■ **PROMPT**
Return, word for word, every line starting at the line with "this 1200×1600 image." and ending at the final line of the entries; skip the pictures.

[AVAILABLE DATA]

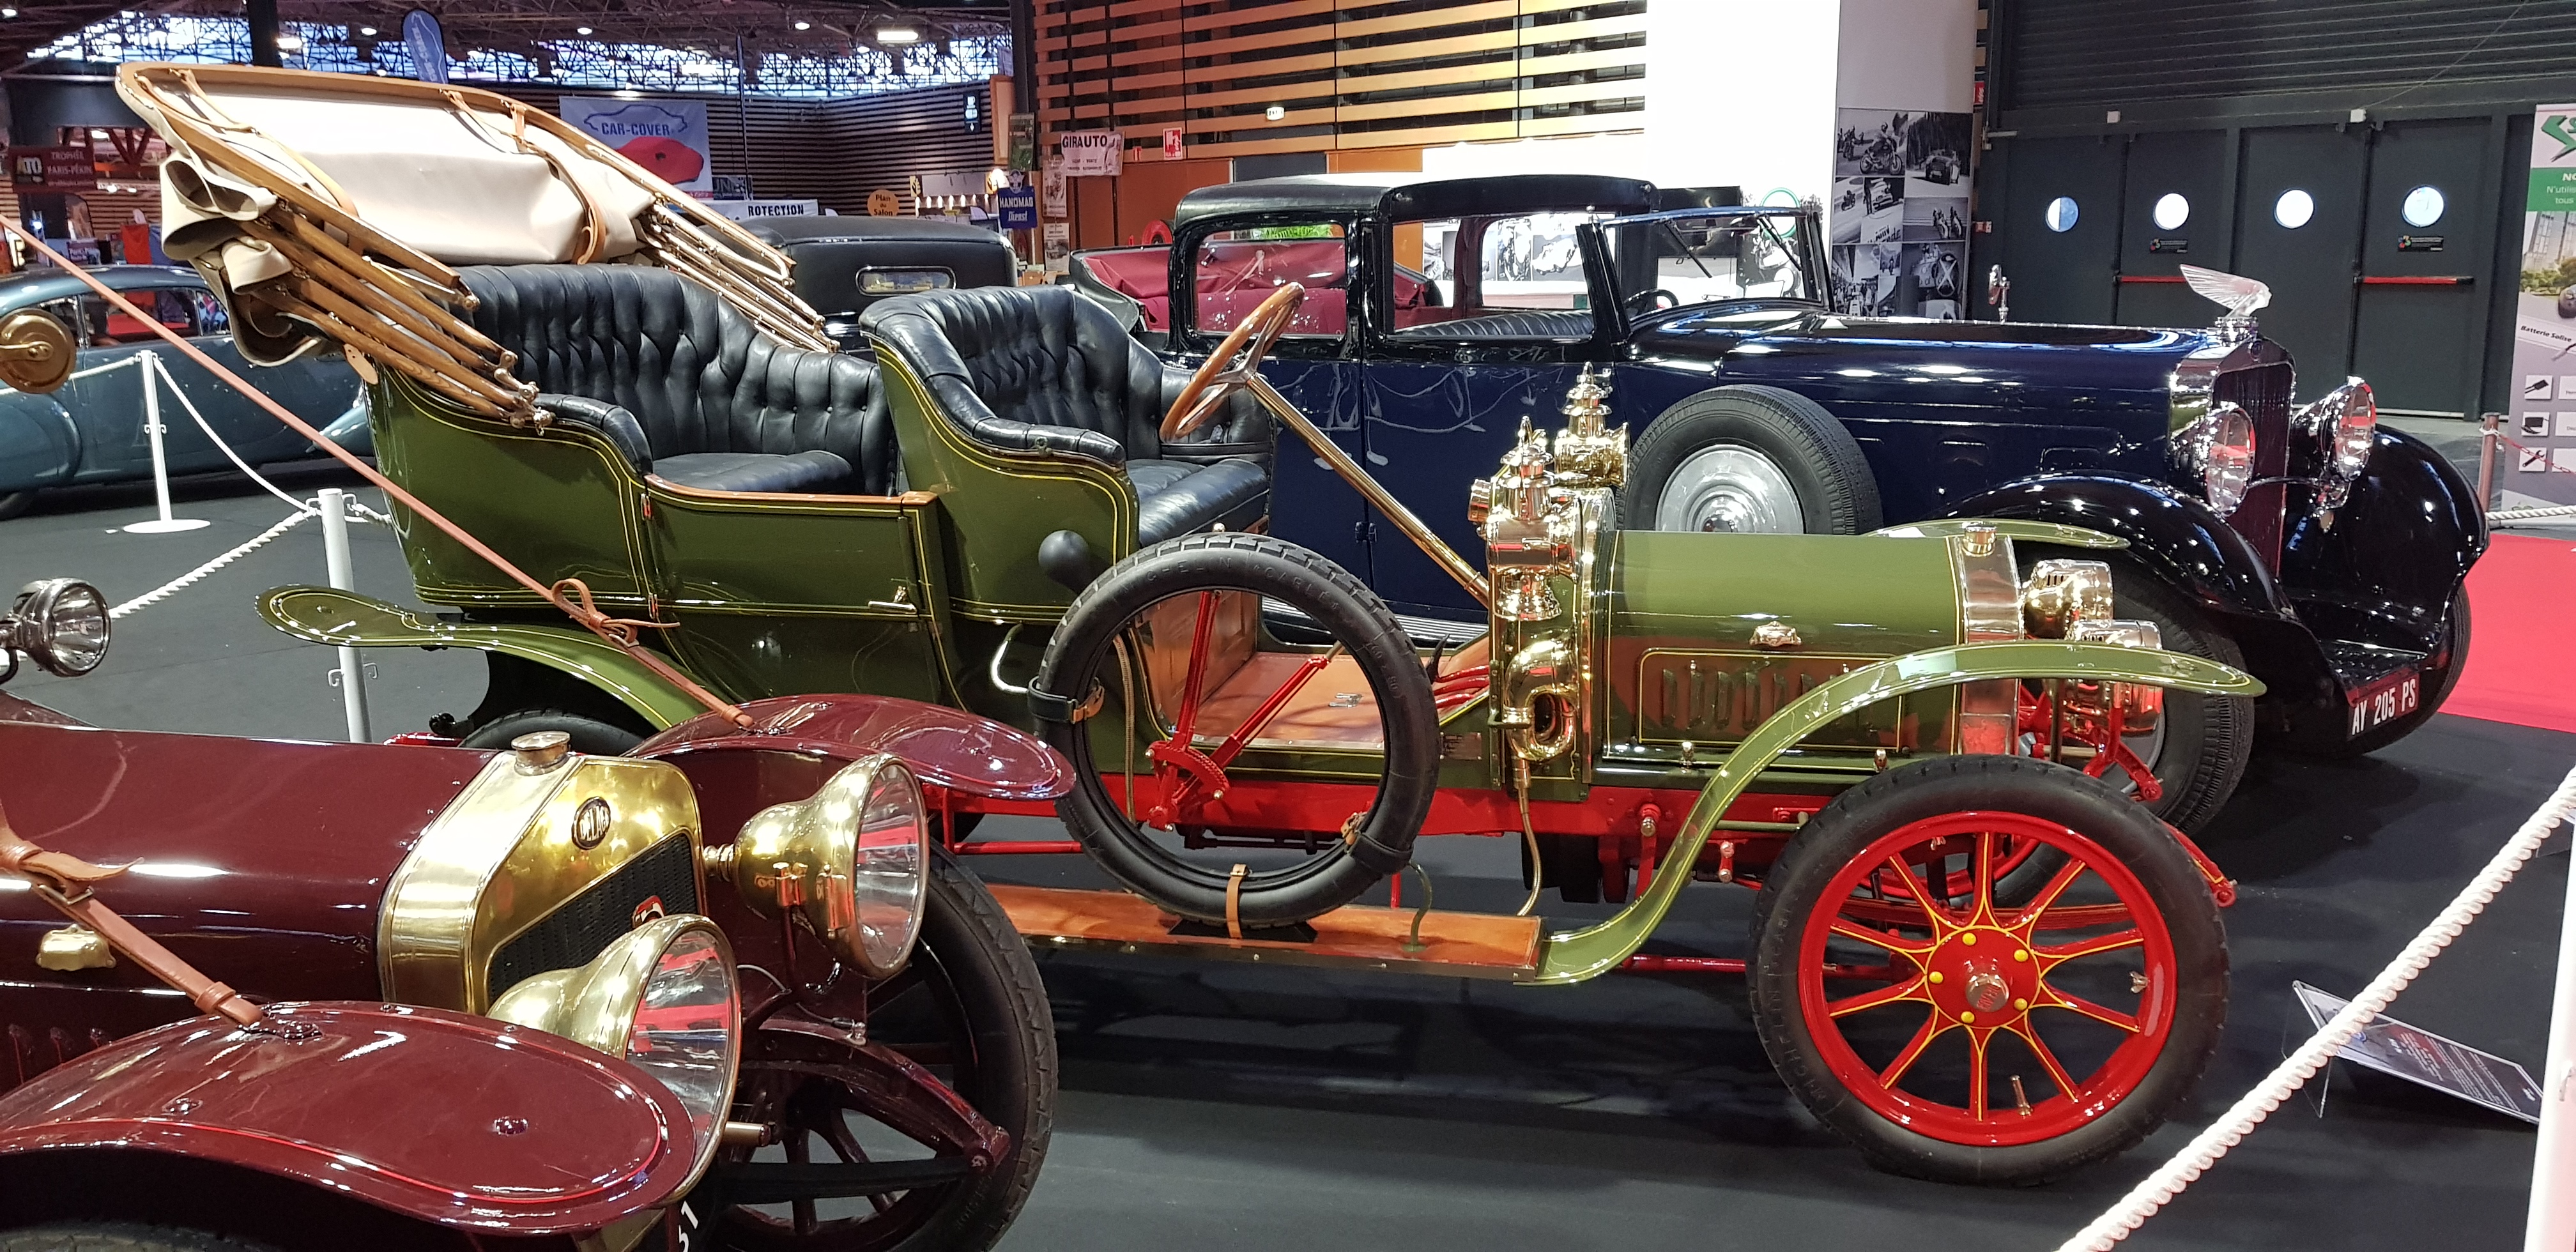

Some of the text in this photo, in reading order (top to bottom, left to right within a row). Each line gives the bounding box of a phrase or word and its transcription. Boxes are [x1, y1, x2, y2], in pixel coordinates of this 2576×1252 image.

[601, 123, 670, 135] CAR-COVER
[1062, 135, 1107, 148] GIRAUTO
[873, 208, 893, 217] Salon
[2352, 678, 2416, 735] AY 205 PS
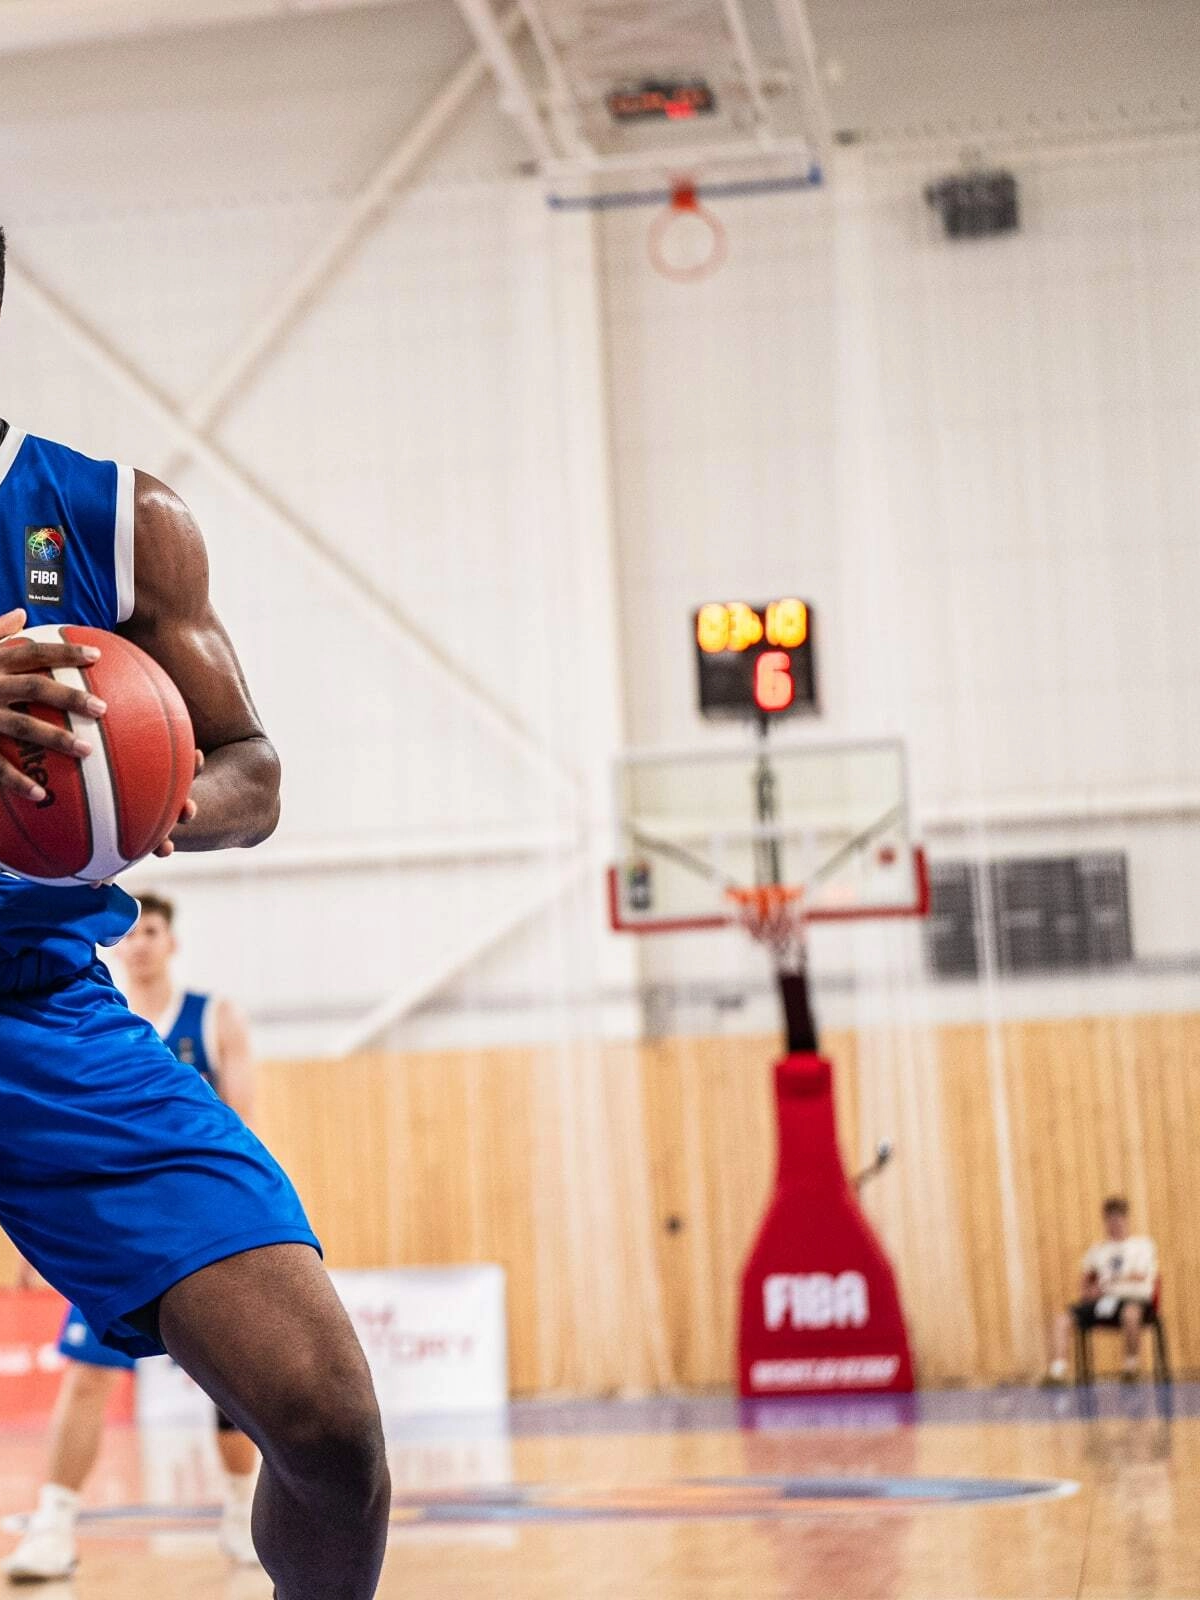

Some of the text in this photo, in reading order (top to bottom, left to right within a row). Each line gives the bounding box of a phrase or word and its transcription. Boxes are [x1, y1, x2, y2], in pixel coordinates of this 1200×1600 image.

[30, 570, 58, 585] FIBA
[755, 650, 796, 712] 6
[762, 1270, 870, 1331] FIBA
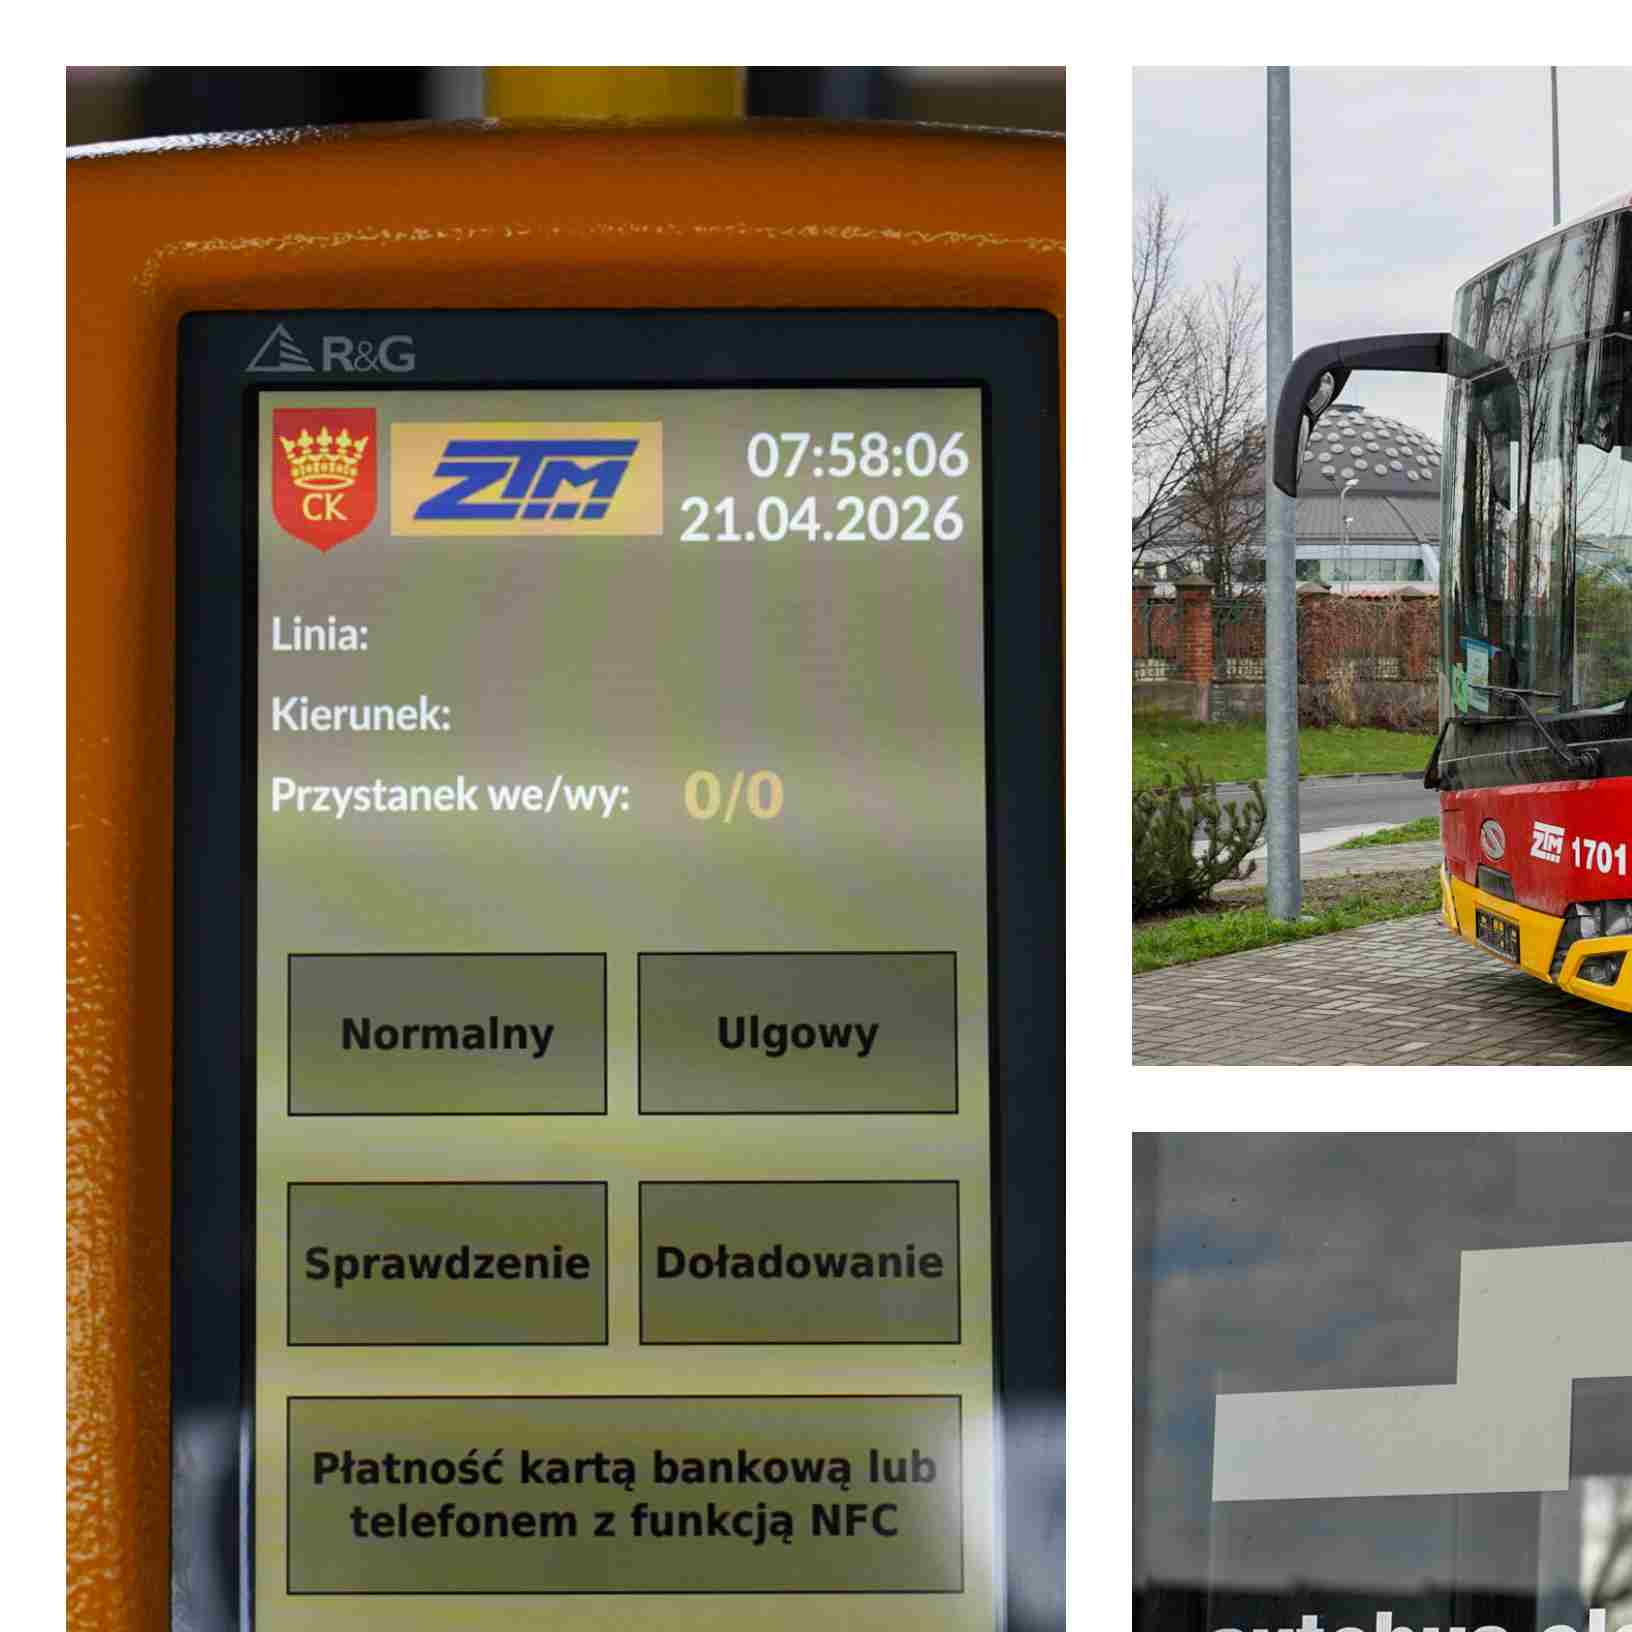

[/AVAILABLE DATA]

■ **ANSWER TO THIS TASK**
Some of the text in this photo, in reading order (top to bottom, left to right within a row). Each line gives the bounding box of a phrase or word and its transcription. Boxes are [x1, y1, x2, y2], in pixel coordinates of this 1200×1600 image.

[30, 570, 58, 585] FIBA
[755, 650, 796, 712] 6
[762, 1270, 870, 1331] FIBA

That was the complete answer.